* _EXERCISE PROMPT_: Every word in the data below belongs in your copy, exactly as given; the pictures do not.

++++ SUPPLIED RECORDS ++++

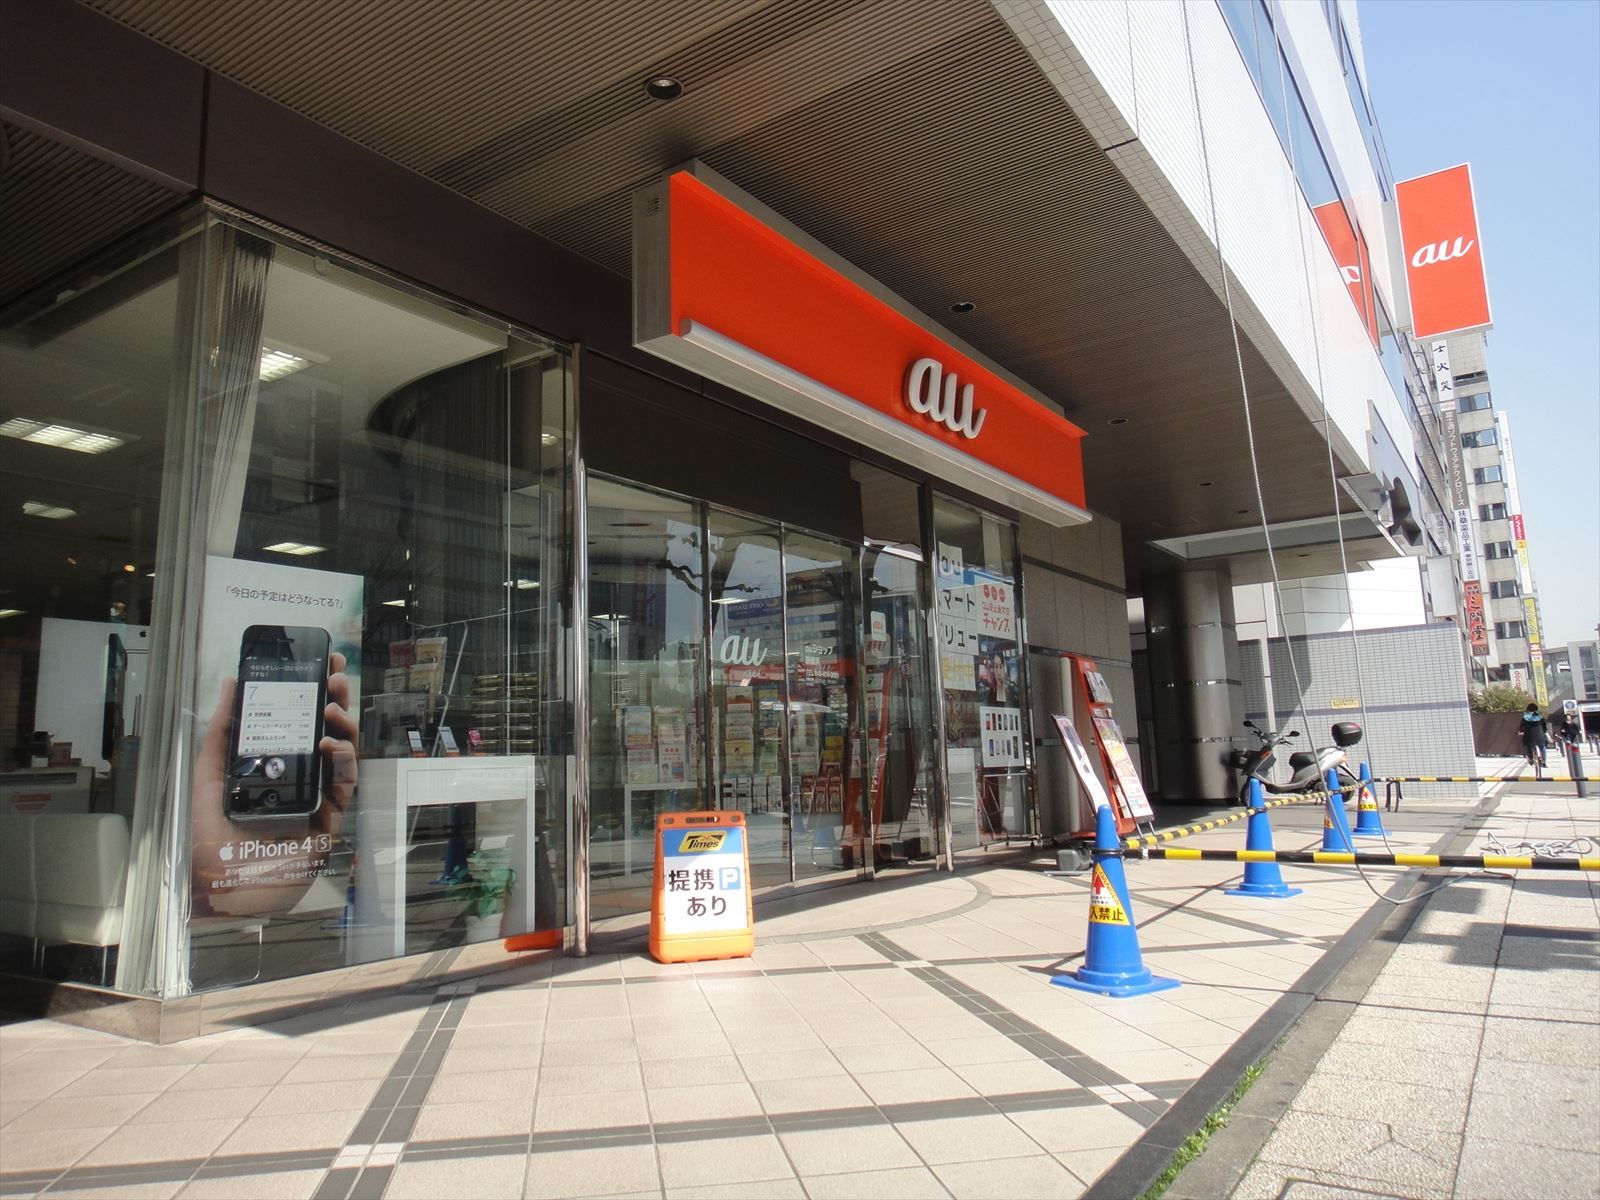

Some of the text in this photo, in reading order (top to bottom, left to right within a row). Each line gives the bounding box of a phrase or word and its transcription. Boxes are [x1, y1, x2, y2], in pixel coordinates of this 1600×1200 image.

[1412, 235, 1475, 269] au
[907, 357, 987, 440] au
[940, 555, 961, 577] au
[983, 612, 1011, 632] チャンス
[940, 623, 977, 648] リュー
[720, 635, 768, 666] au
[249, 686, 258, 700] 7
[239, 839, 299, 860] iPhone
[687, 838, 719, 850] Times
[668, 868, 715, 892] 提携
[687, 895, 727, 917] あり
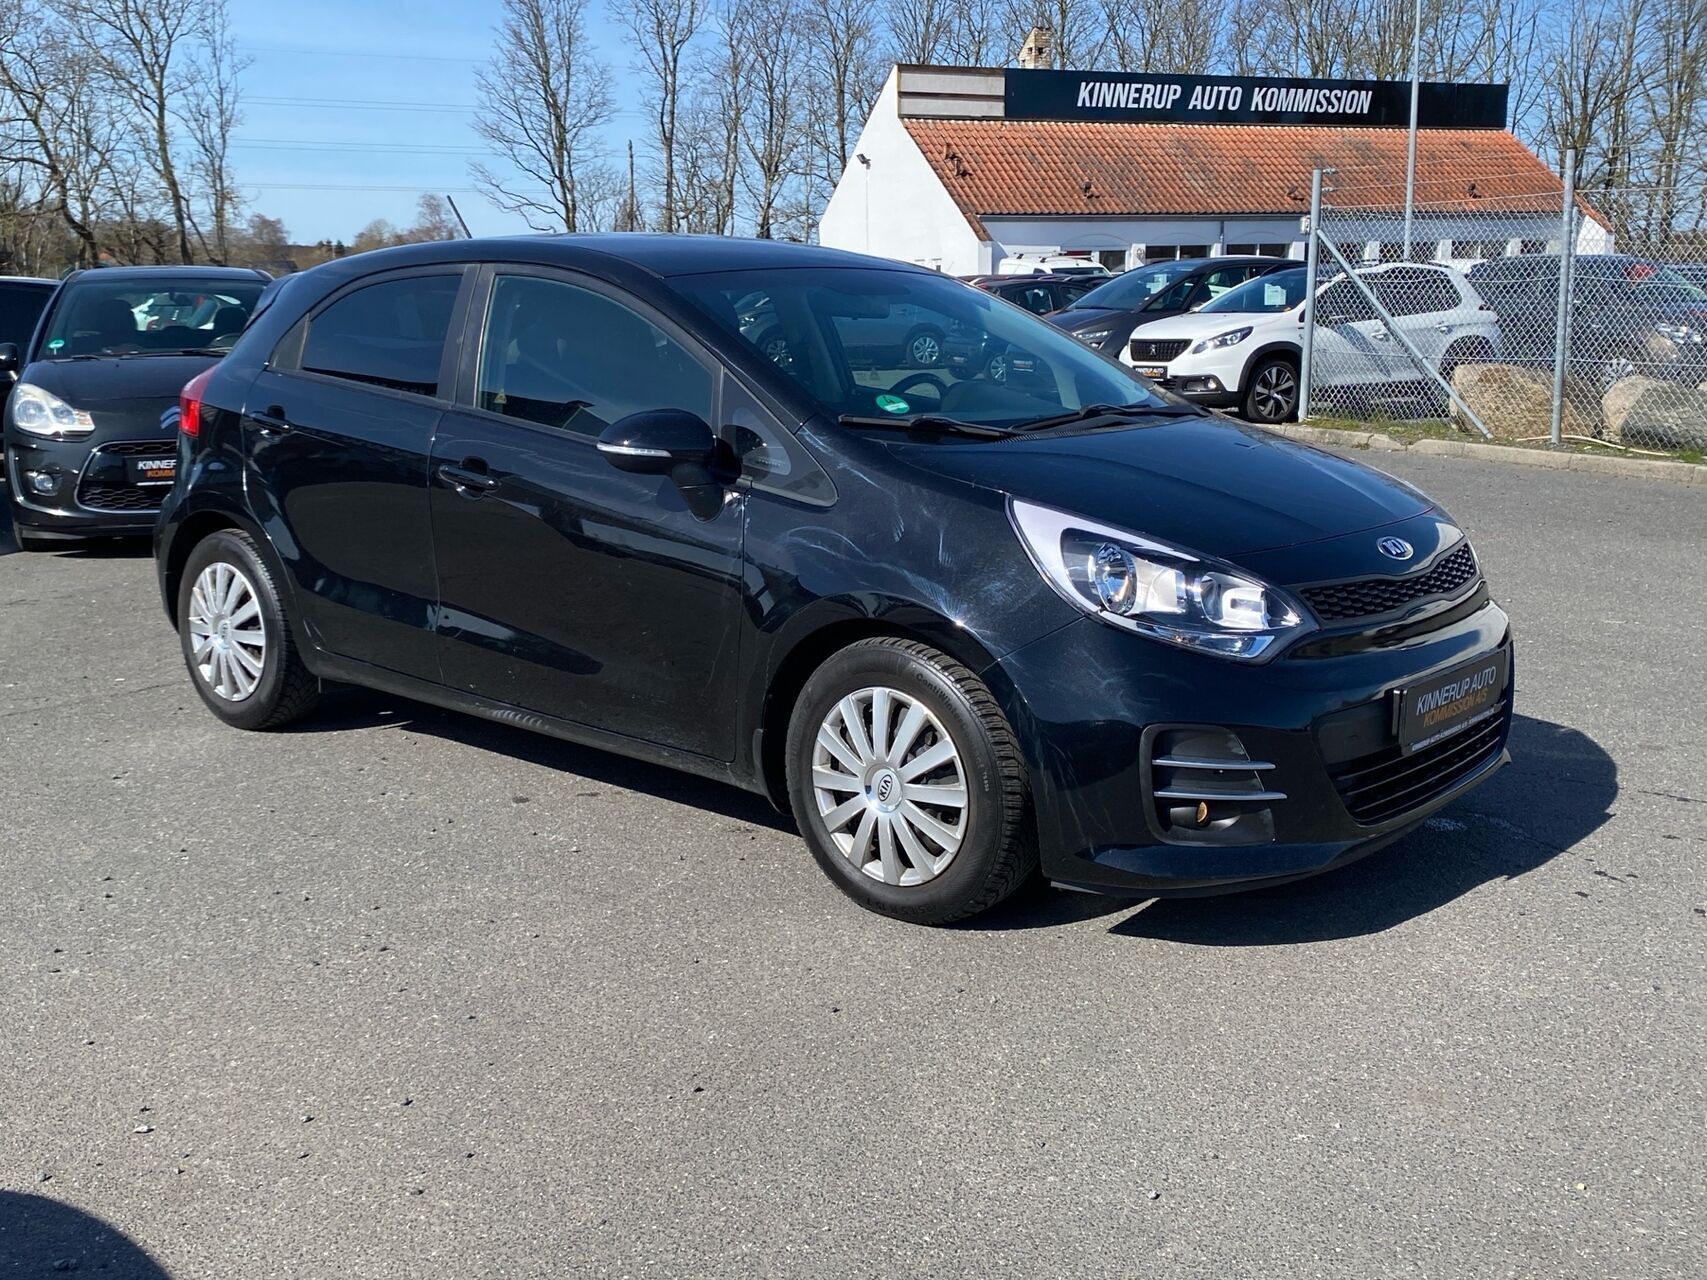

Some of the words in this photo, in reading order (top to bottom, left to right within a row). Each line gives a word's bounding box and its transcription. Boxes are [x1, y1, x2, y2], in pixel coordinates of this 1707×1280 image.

[1077, 82, 1182, 109] KINNERUP
[1188, 85, 1243, 110] AUTO
[1250, 87, 1373, 114] KOMMISSION
[1416, 677, 1470, 716] KINNERUP
[1469, 666, 1497, 694] AUTO
[879, 779, 891, 799] KIA
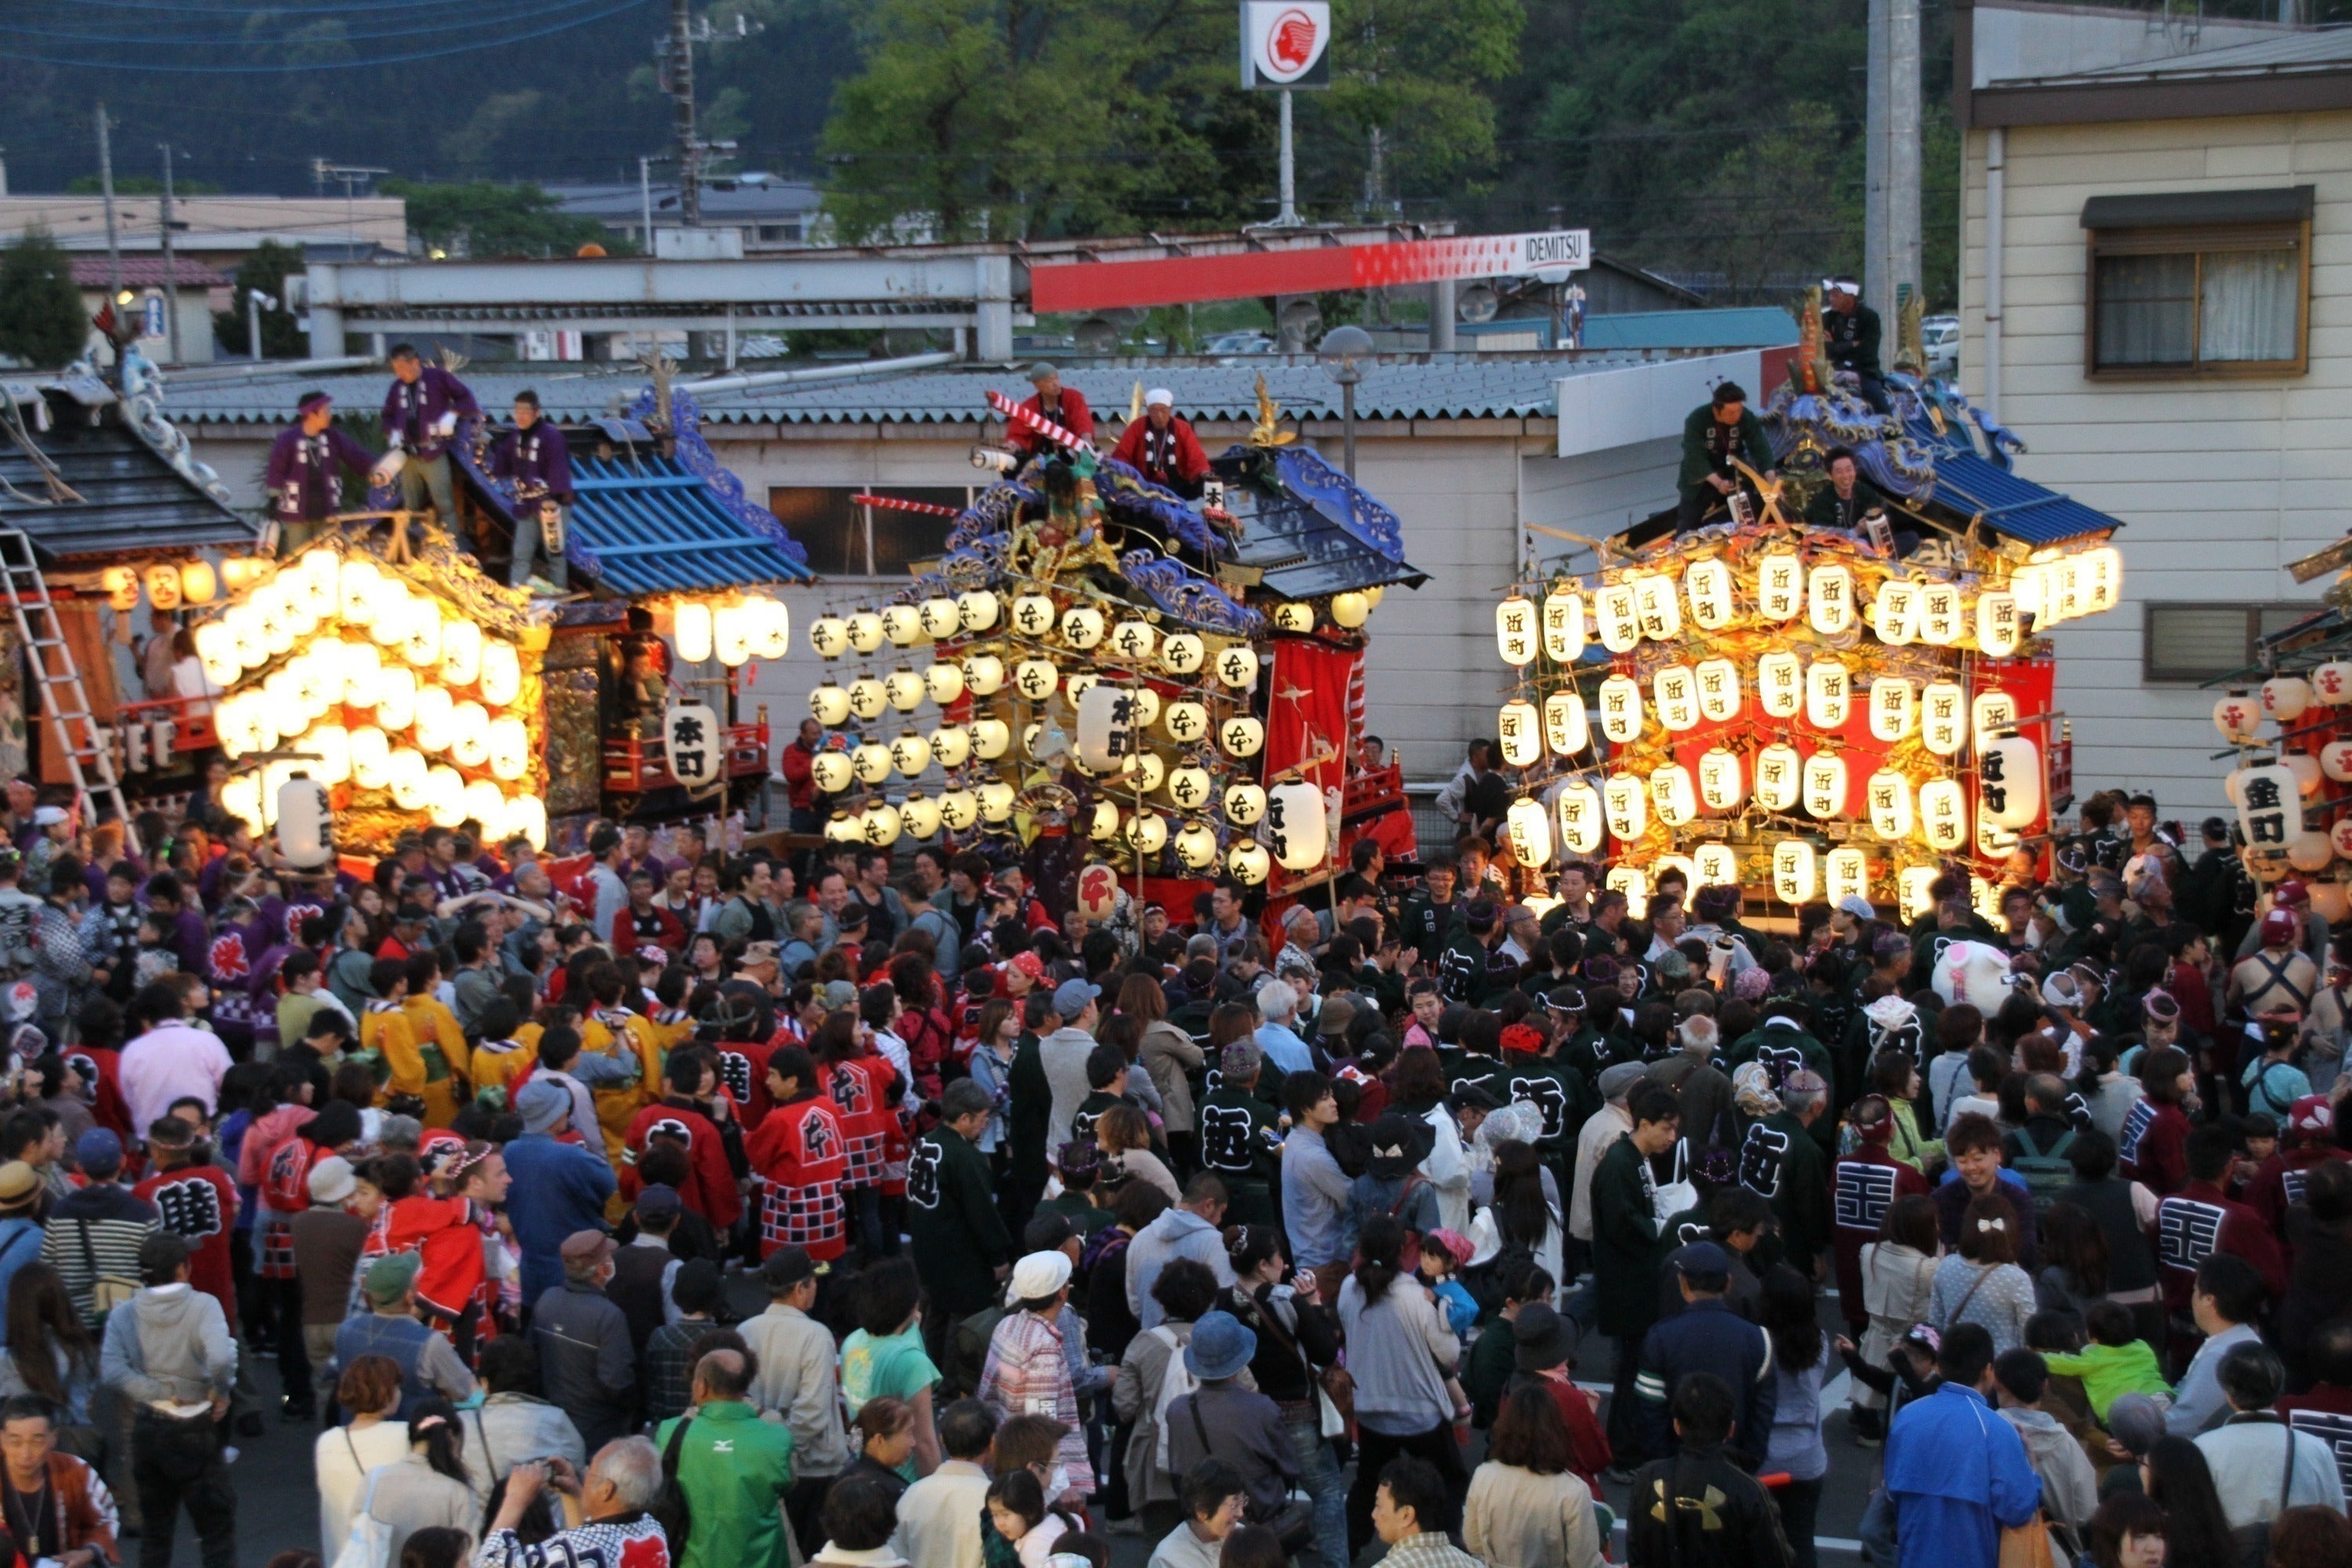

++++

* _OUTPUT FOR THIS TASK_:
Some of the text in this photo, in reading order (top to bottom, left to right within a row). Each line gives the bounding box of a phrase or word and its transcription. Boxes are [x1, y1, x2, y2], in pixel coordinates of this 1600×1200 image.

[1412, 235, 1475, 269] au
[907, 357, 987, 440] au
[940, 555, 961, 577] au
[983, 612, 1011, 632] チャンス
[940, 623, 977, 648] リュー
[720, 635, 768, 666] au
[249, 686, 258, 700] 7
[239, 839, 299, 860] iPhone
[687, 838, 719, 850] Times
[668, 868, 715, 892] 提携
[687, 895, 727, 917] あり

Some of the words in this photo, in reading order (top to bottom, left to right within a row). Each line gives a word's bounding box and its transcription. Boxes are [x1, y1, x2, y2], in pixel coordinates of this 1707×1280 image.

[1077, 82, 1182, 109] KINNERUP
[1188, 85, 1243, 110] AUTO
[1250, 87, 1373, 114] KOMMISSION
[1416, 677, 1470, 716] KINNERUP
[1469, 666, 1497, 694] AUTO
[879, 779, 891, 799] KIA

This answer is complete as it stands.